━━━ DATA SHOWN ━━━

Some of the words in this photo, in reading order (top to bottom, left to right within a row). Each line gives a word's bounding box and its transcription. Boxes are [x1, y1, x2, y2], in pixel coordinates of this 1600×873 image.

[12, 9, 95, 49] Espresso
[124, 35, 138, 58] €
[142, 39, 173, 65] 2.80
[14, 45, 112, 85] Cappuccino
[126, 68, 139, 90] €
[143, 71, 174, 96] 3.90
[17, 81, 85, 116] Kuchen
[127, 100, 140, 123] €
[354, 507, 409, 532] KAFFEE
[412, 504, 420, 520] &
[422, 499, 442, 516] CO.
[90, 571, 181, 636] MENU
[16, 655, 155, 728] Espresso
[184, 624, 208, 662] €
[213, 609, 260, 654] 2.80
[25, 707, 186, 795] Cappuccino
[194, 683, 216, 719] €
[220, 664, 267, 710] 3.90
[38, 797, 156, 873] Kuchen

━━━

All of the data should be retyped exactly.

Some of the words in this photo, in reading order (top to bottom, left to right within a row). Each line gives a word's bounding box and its transcription. Boxes are [x1, y1, x2, y2], in pixel coordinates of this 1600×873 image.

[12, 9, 95, 49] Espresso
[124, 35, 138, 58] €
[142, 39, 173, 65] 2.80
[14, 45, 112, 85] Cappuccino
[126, 68, 139, 90] €
[143, 71, 174, 96] 3.90
[17, 81, 85, 116] Kuchen
[127, 100, 140, 123] €
[354, 507, 409, 532] KAFFEE
[412, 504, 420, 520] &
[422, 499, 442, 516] CO.
[90, 571, 181, 636] MENU
[16, 655, 155, 728] Espresso
[184, 624, 208, 662] €
[213, 609, 260, 654] 2.80
[25, 707, 186, 795] Cappuccino
[194, 683, 216, 719] €
[220, 664, 267, 710] 3.90
[38, 797, 156, 873] Kuchen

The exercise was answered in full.